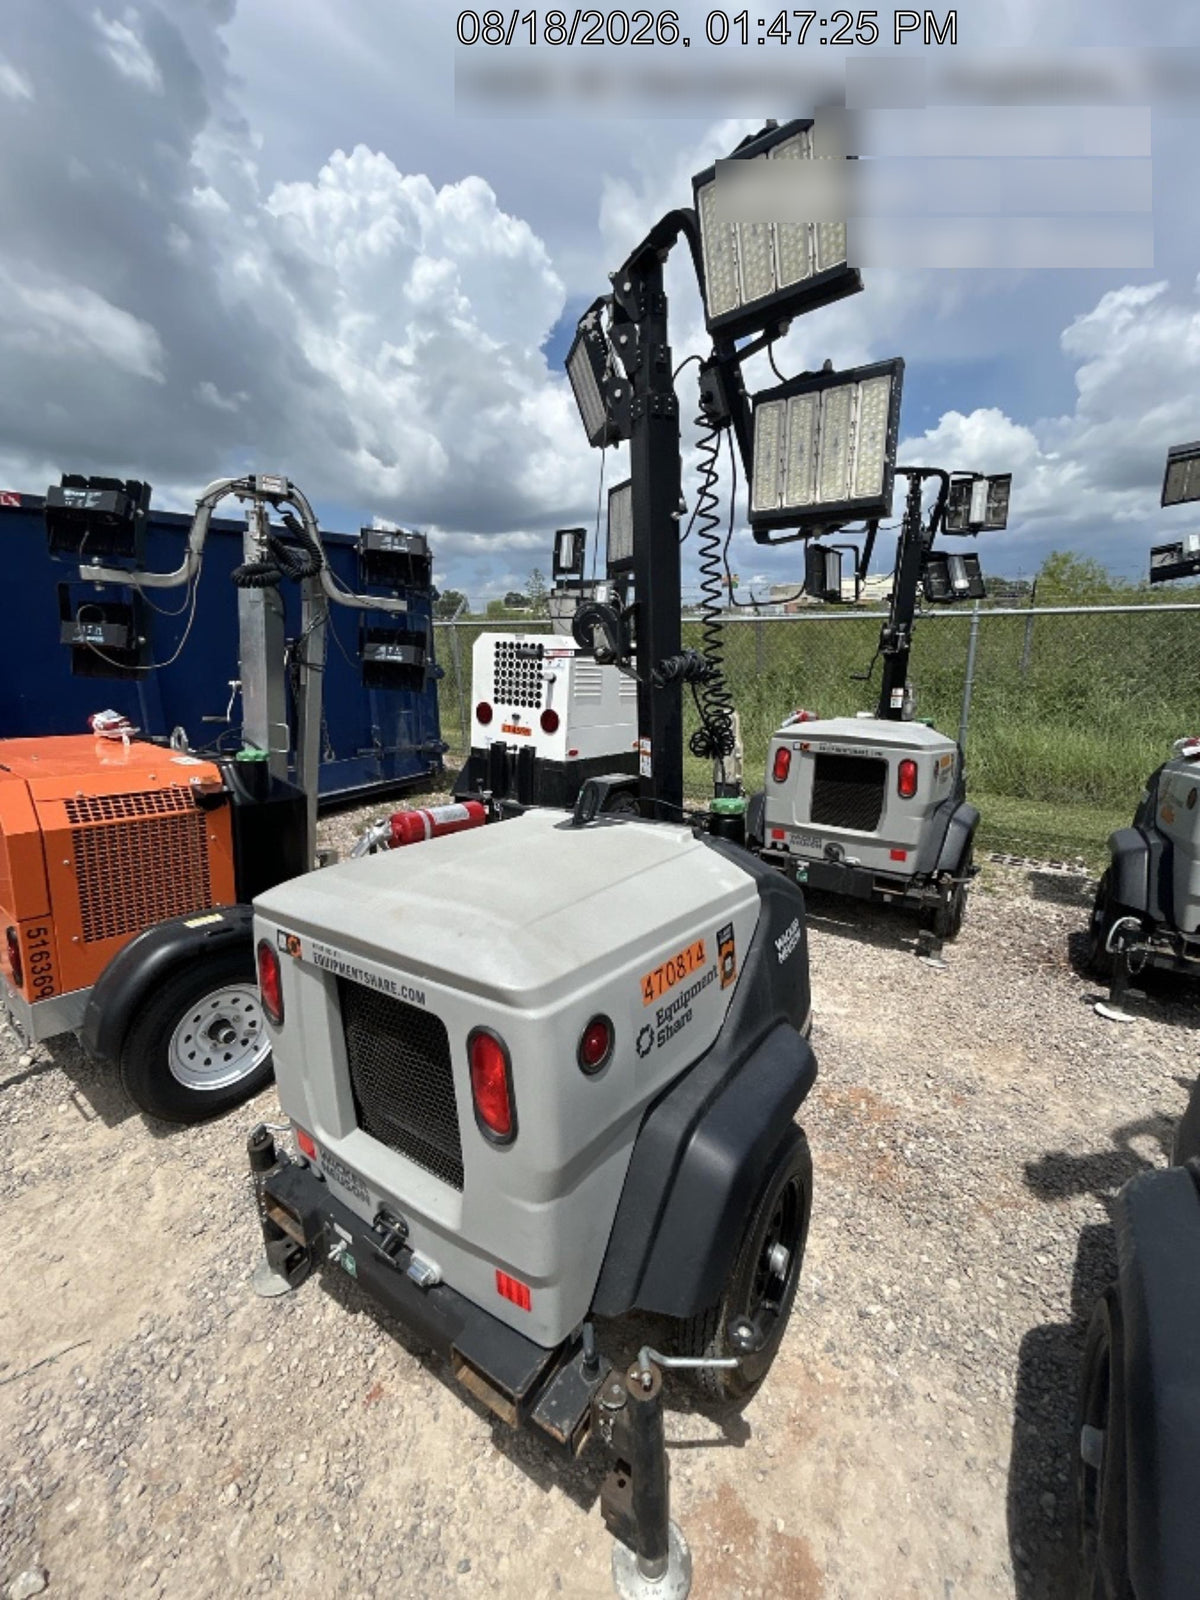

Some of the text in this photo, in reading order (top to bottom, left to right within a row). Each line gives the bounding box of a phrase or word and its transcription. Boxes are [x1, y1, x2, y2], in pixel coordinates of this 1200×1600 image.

[26, 927, 55, 1000] 516369
[313, 952, 426, 1006] EQUIPMENTSHARE.COM
[643, 942, 705, 1001] 470814
[655, 964, 719, 1028] Equipment
[657, 1008, 693, 1049] Share
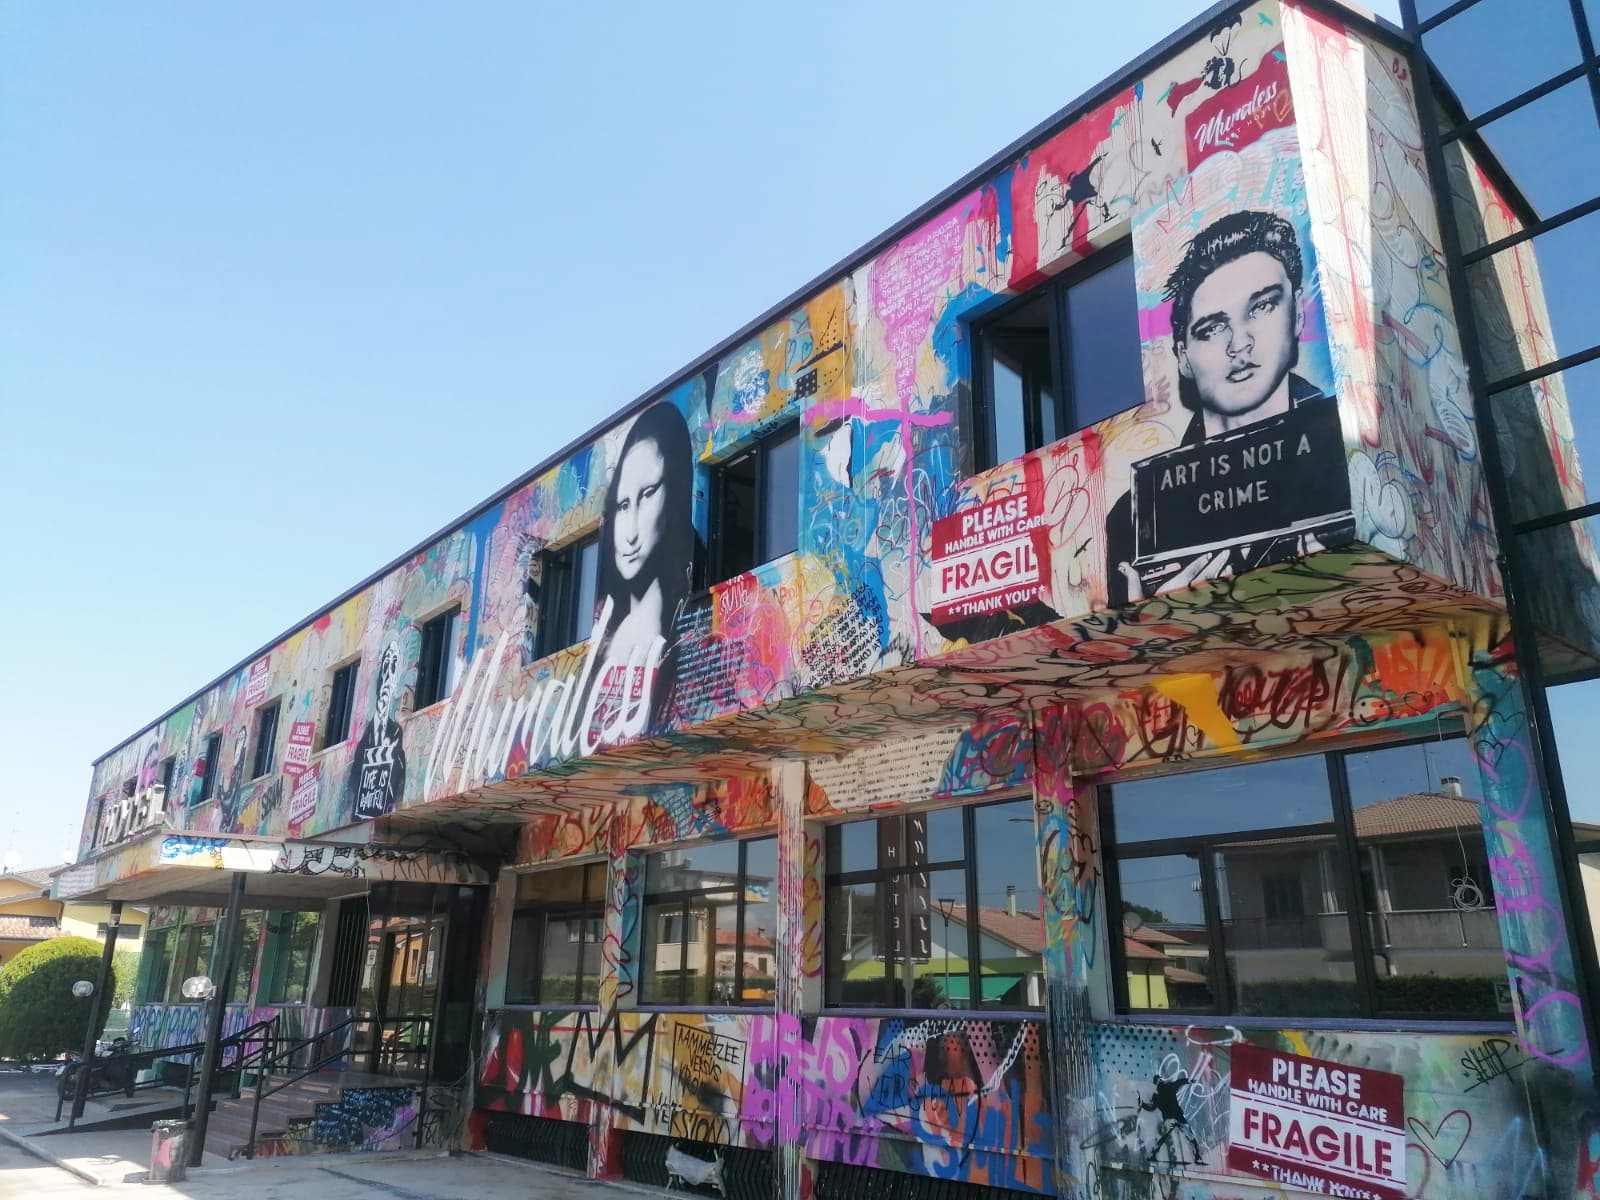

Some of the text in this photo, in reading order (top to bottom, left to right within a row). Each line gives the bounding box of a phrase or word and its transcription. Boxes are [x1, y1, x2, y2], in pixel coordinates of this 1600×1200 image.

[1161, 433, 1311, 491] ART IS NOT A
[963, 496, 1028, 536] PLEASE
[1198, 480, 1269, 514] CRIME
[945, 532, 985, 555] HANDLE
[987, 524, 1013, 542] WITH
[1272, 1057, 1361, 1099] PLEASE
[1248, 1078, 1388, 1123] HANDLE WITH CARE
[1243, 1107, 1393, 1177] FRAGILE
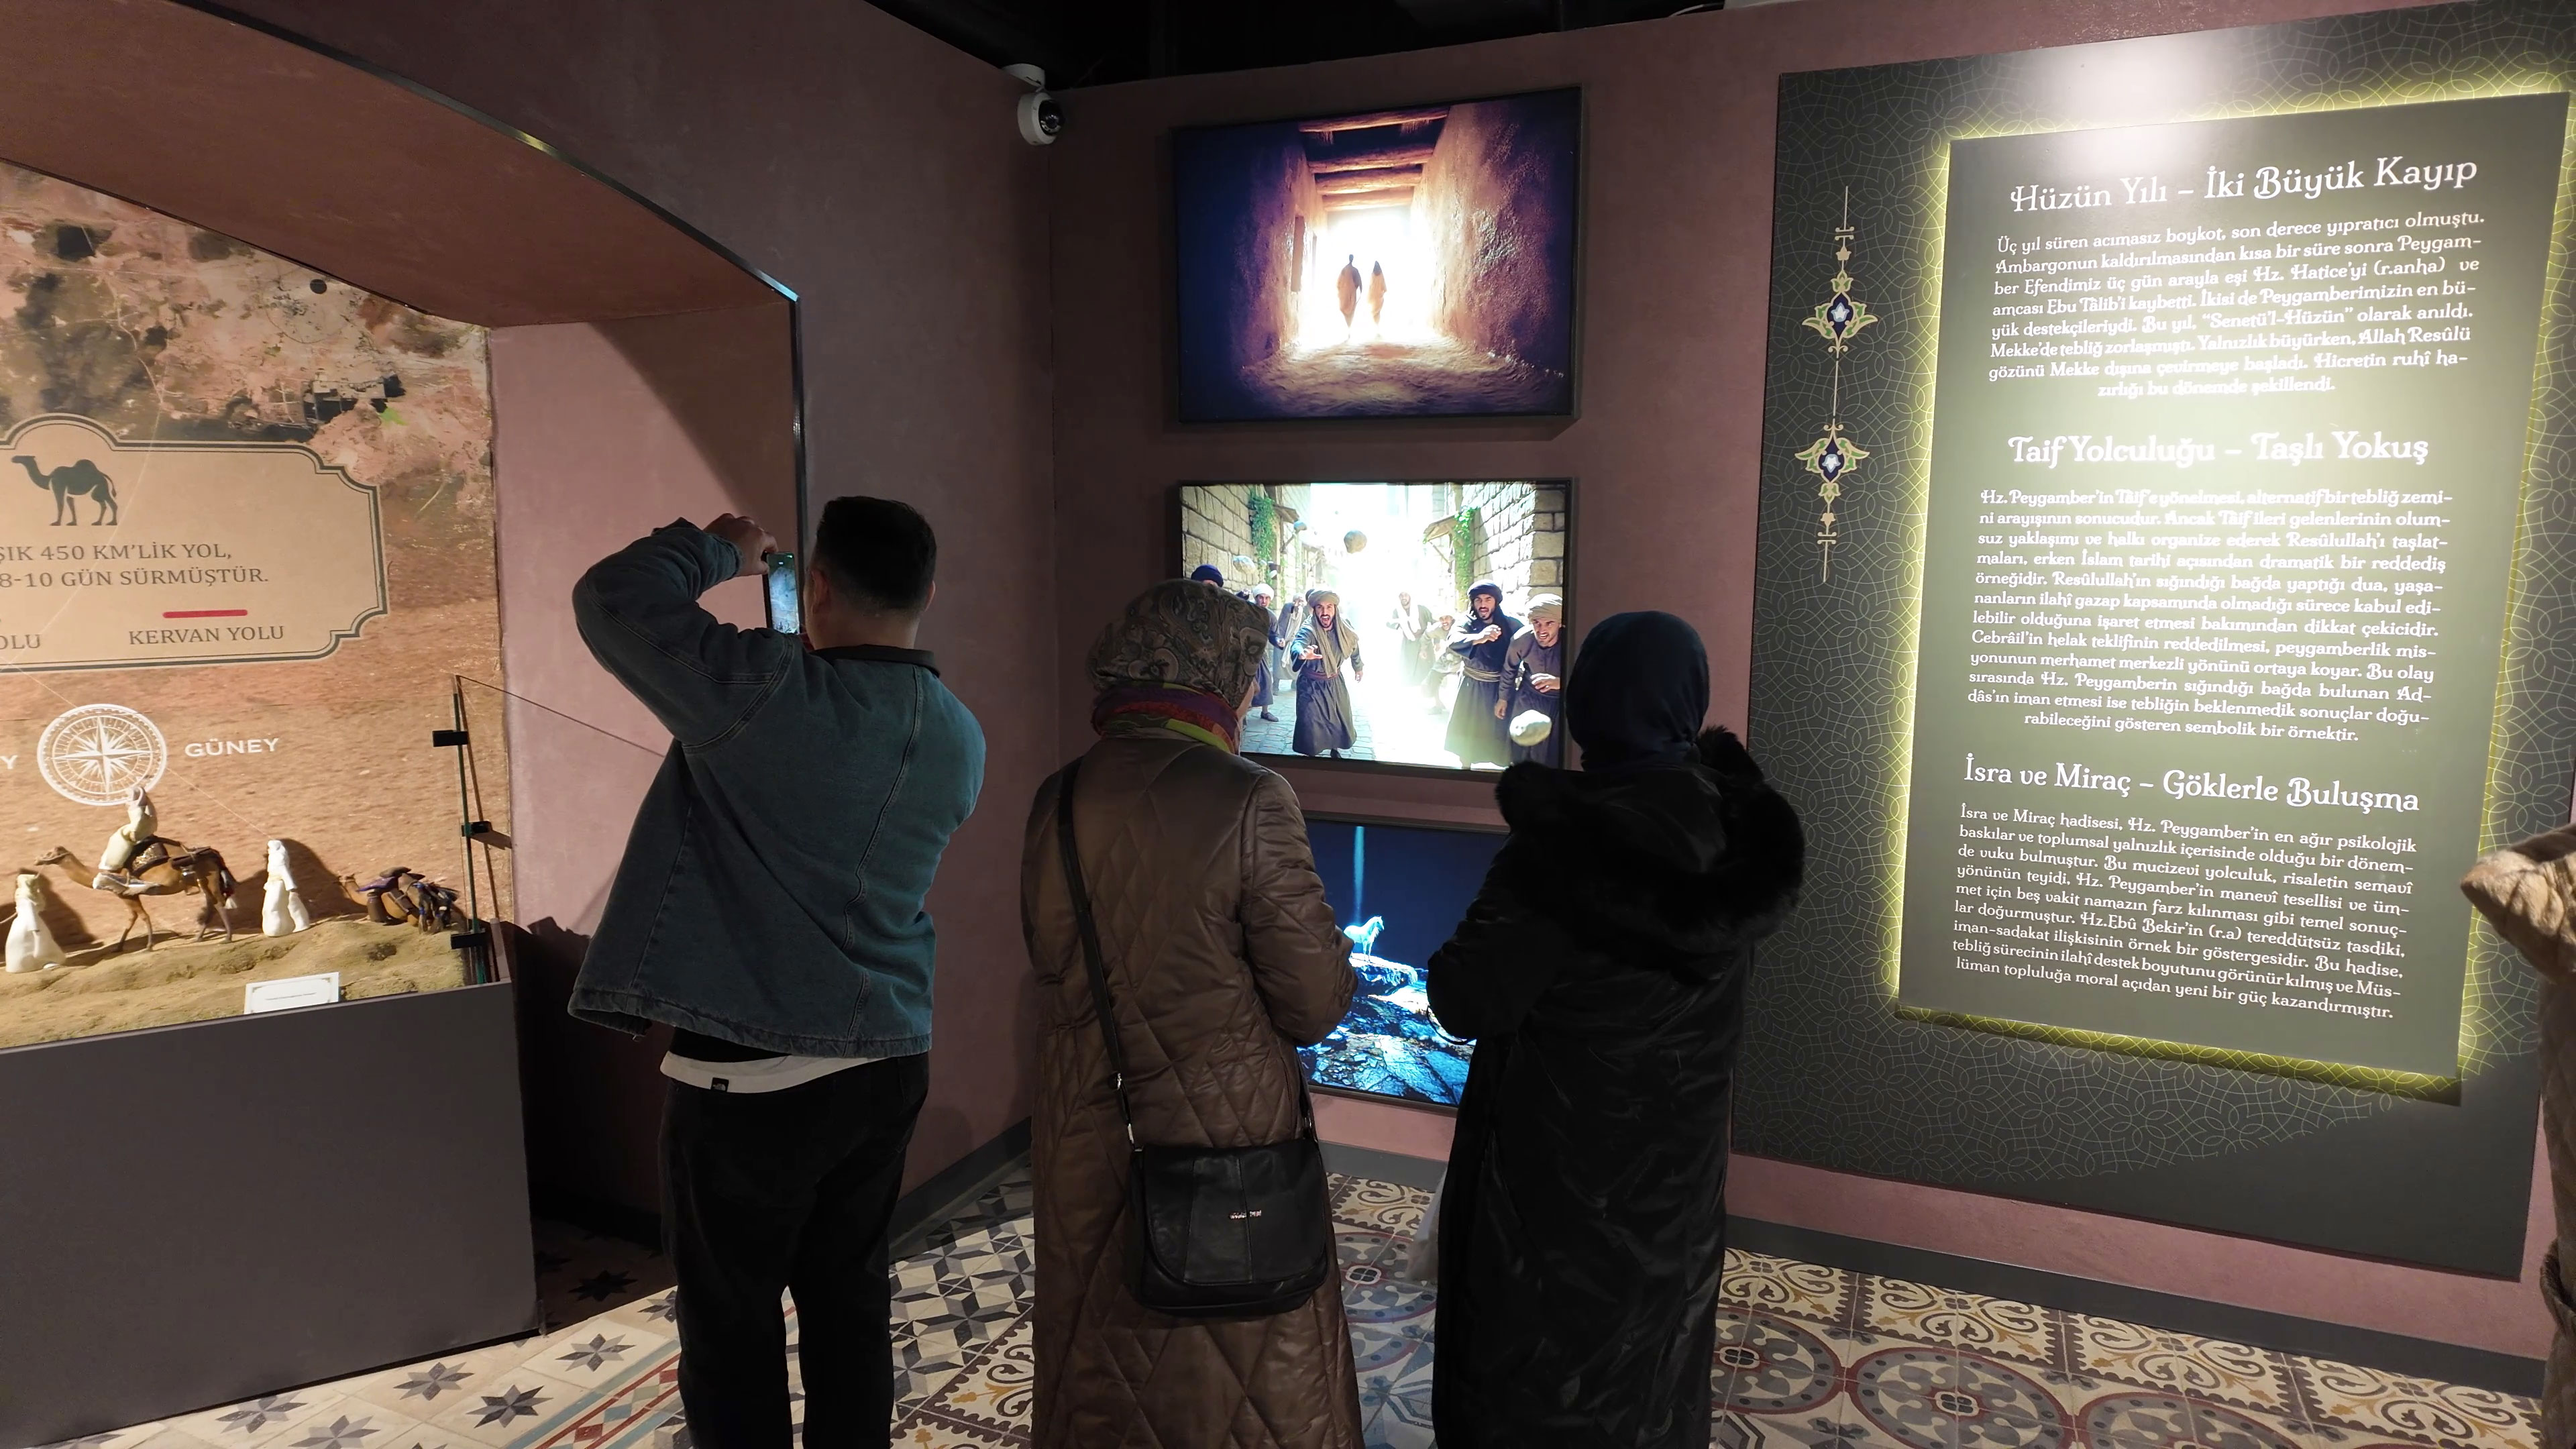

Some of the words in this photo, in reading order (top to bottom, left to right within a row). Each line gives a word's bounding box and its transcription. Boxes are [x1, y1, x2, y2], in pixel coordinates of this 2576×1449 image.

[2010, 184, 2112, 212] Hüzün
[2118, 175, 2167, 205] Yılı
[2203, 164, 2245, 199] İki
[2253, 160, 2365, 199] Büyük
[2373, 155, 2477, 191] Kayıp
[1996, 235, 2017, 256] Üç
[2021, 235, 2041, 255] yıl
[2044, 236, 2088, 250] süren
[2092, 233, 2161, 248] acımasız
[2165, 225, 2226, 246] boykot,
[2231, 227, 2261, 239] son
[2265, 219, 2322, 237] derece
[2326, 217, 2399, 237] yıpratıcı
[2404, 211, 2485, 228] olmuştu.
[1994, 258, 2098, 275] Ambargonun
[2100, 246, 2236, 268] kaldırılmasından
[2238, 244, 2272, 260] kısa
[2274, 242, 2302, 258] bir
[2302, 242, 2341, 257] süre
[2343, 241, 2394, 254] sonra
[1993, 280, 2019, 295] ber
[2023, 276, 2101, 297] Efendimiz
[2106, 276, 2126, 292] üç
[2130, 274, 2163, 292] gün
[2167, 268, 2219, 288] arayla
[2224, 268, 2248, 286] eşi
[2252, 265, 2284, 282] Hz.
[2373, 256, 2445, 276] (r.anha)
[2459, 260, 2479, 271] ve
[1992, 304, 2043, 317] amcası
[2046, 298, 2077, 315] Ebu
[2127, 293, 2197, 313] kaybetti.
[2199, 288, 2235, 307] İkisi
[2237, 288, 2258, 306] de
[2258, 283, 2413, 307] Peygamberimizin
[2416, 285, 2438, 297] en
[2007, 435, 2068, 470] Taif
[2068, 434, 2216, 469] Yolculuğu
[2249, 431, 2324, 467] Taşlı
[2330, 429, 2429, 466] Yokuş
[40, 545, 85, 560] 450
[181, 543, 232, 559] YOL,
[0, 572, 53, 588] 8-10
[61, 569, 113, 586] GÜN
[119, 566, 268, 587] SÜRMÜŞTÜR.
[129, 628, 219, 645] KERVAN
[227, 625, 284, 641] YOLU
[1972, 609, 2016, 624] lebilir
[2020, 610, 2092, 629] olduğuna
[2096, 614, 2141, 631] işaret
[2144, 616, 2196, 630] etmesi
[2200, 615, 2298, 633] bakımından
[2303, 618, 2357, 635] dikkat
[2361, 619, 2438, 638] çekicidir.
[2047, 631, 2088, 647] helak
[2091, 633, 2159, 651] teklifinin
[2163, 635, 2270, 654] reddedilmesi,
[2274, 640, 2392, 658] peygamberlik
[1968, 670, 2035, 686] sırasında
[2040, 670, 2069, 686] Hz.
[2074, 672, 2178, 692] Peygamberin
[2183, 678, 2254, 698] sığındığı
[2259, 680, 2312, 699] bağda
[2318, 682, 2390, 700] bulunan
[1970, 653, 2037, 666] yonunun
[2039, 652, 2117, 669] merhamet
[2118, 655, 2184, 670] merkezli
[2187, 658, 2250, 675] yönünü
[2253, 663, 2307, 678] ortaya
[2310, 660, 2362, 680] koyar.
[2365, 662, 2394, 680] Bu
[2396, 663, 2434, 684] olay
[2013, 691, 2051, 706] iman
[2053, 695, 2102, 708] etmesi
[2105, 696, 2127, 709] ise
[2130, 696, 2190, 714] tebliğin
[2192, 698, 2296, 718] beklenmedik
[2298, 704, 2373, 723] sonuçlar
[2023, 710, 2111, 731] rabileceğini
[2114, 716, 2182, 733] gösteren
[2184, 719, 2257, 736] sembolik
[2259, 721, 2286, 737] bir
[2287, 724, 2359, 742] örnektir.
[184, 738, 279, 757] GÜNEY
[1963, 752, 2012, 784] İsra
[2019, 769, 2047, 786] ve
[2053, 761, 2131, 798] Miraç
[2162, 769, 2279, 802] Göklerle
[2286, 776, 2420, 814] Buluşma
[1958, 823, 2016, 841] baskılar
[2017, 833, 2034, 843] ve
[2037, 831, 2109, 849] toplumsal
[2112, 837, 2178, 854] yalnızlık
[2180, 842, 2255, 861] içerisinde
[2258, 847, 2316, 868] olduğu
[2319, 851, 2345, 867] bir
[1960, 802, 1988, 820] İsra
[1992, 811, 2008, 821] ve
[2012, 808, 2055, 828] Miraç
[2059, 812, 2123, 831] hadisesi,
[2127, 816, 2156, 833] Hz.
[2273, 833, 2294, 843] en
[2298, 832, 2333, 849] ağır
[2336, 834, 2417, 855] psikolojik
[1957, 843, 1975, 857] de
[1979, 845, 2014, 860] vuku
[2018, 847, 2098, 868] bulmuştur.
[2103, 854, 2127, 871] Bu
[2132, 861, 2200, 876] mucizevi
[2204, 865, 2277, 884] yolculuk,
[2282, 871, 2349, 889] risaletin
[2353, 880, 2413, 894] semavî
[1956, 864, 2021, 880] yönünün
[2027, 870, 2071, 885] teyidi,
[2075, 871, 2103, 888] Hz.
[2219, 890, 2278, 903] manevî
[2283, 893, 2343, 909] tesellisi
[2348, 901, 2367, 911] ve
[1955, 955, 2000, 973] lüman
[2003, 963, 2072, 983] topluluğa
[2075, 973, 2118, 987] moral
[2121, 977, 2171, 993] açıdan
[2174, 985, 2208, 998] yeni
[2211, 984, 2235, 1000] bir
[2237, 990, 2267, 1007] güç
[2270, 991, 2393, 1019] kazandırmıştır.

(Required action)
Your reply should contain only the number of lines in the entries above with the word "etmesi".

(Output)
2